In talks in the United States, Europe and the Middle East, a number of intelligence, military and national security officials described an expanding U. S. program aimed at stifling Iran’s ability to make drones, getting the Russians to release the unmanned “kamikaze. “”All else fails, provide the Ukrainians with the necessary defenses to shoot them down from the sky.
The scale of the effort has become clearer in recent weeks. Management accelerated its moves to deprive Iran of the Western-made parts needed to manufacture the drones sold to Russia after it became clear, upon examining the remains of the intercepted drones, that they are filled with American-made technology.
U. S. forces The U. S. military is helping the Ukrainian military target sites where drones are ready to be released, a difficult task as the Russians move liberation sites from football fields to parking lots. , to Ukraine’s chances of shooting them down, with everything from gunfire to missiles.
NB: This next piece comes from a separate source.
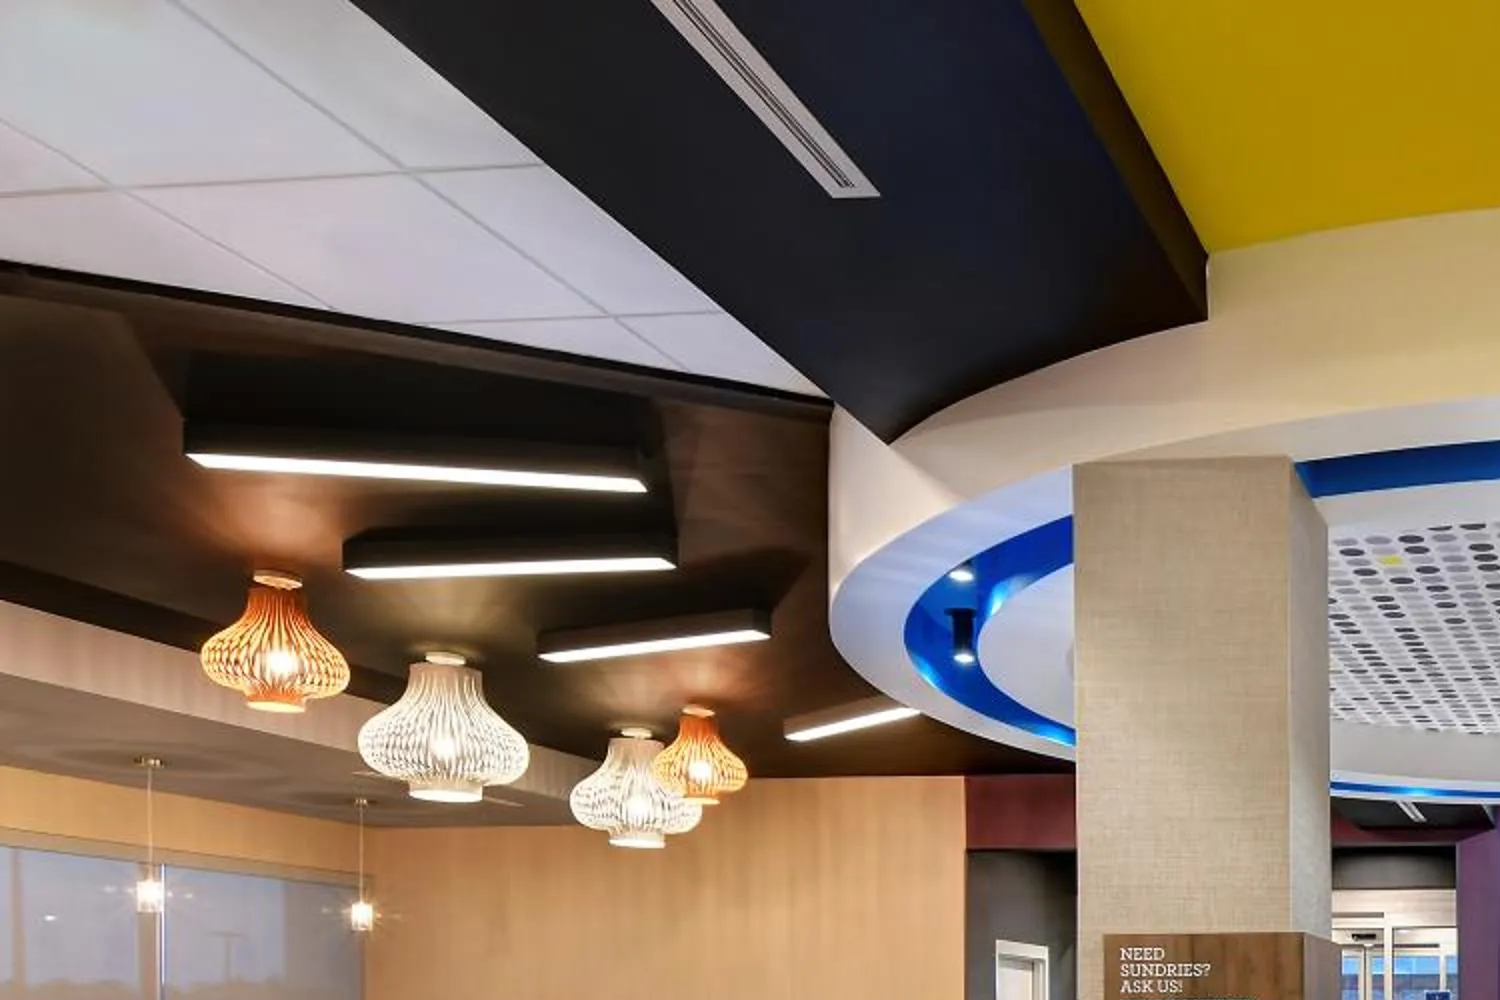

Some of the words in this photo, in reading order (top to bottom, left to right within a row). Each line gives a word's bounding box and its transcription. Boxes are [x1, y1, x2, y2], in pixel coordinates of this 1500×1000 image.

[1120, 947, 1165, 961] NEED
[1120, 963, 1211, 977] SUNDRIES?
[1120, 980, 1154, 994] ASK
[1157, 979, 1184, 993] US!
But all 3 approaches have faced profound challenges, and the push to eliminate critical parts for drones is already proving as complicated as the decades-long crusade to deprive Iran of the factors needed to build the sensitive centrifuges it uses to enrich quasi-centrifuges-grade uranium. The Iranians, U. S. intelligence officials have said in recent weeks, are applying their expertise to the drone program on how to spread the manufacture of nuclear centrifuges in the country and locate “dual-use” technologies on the black market to circumvent export controls.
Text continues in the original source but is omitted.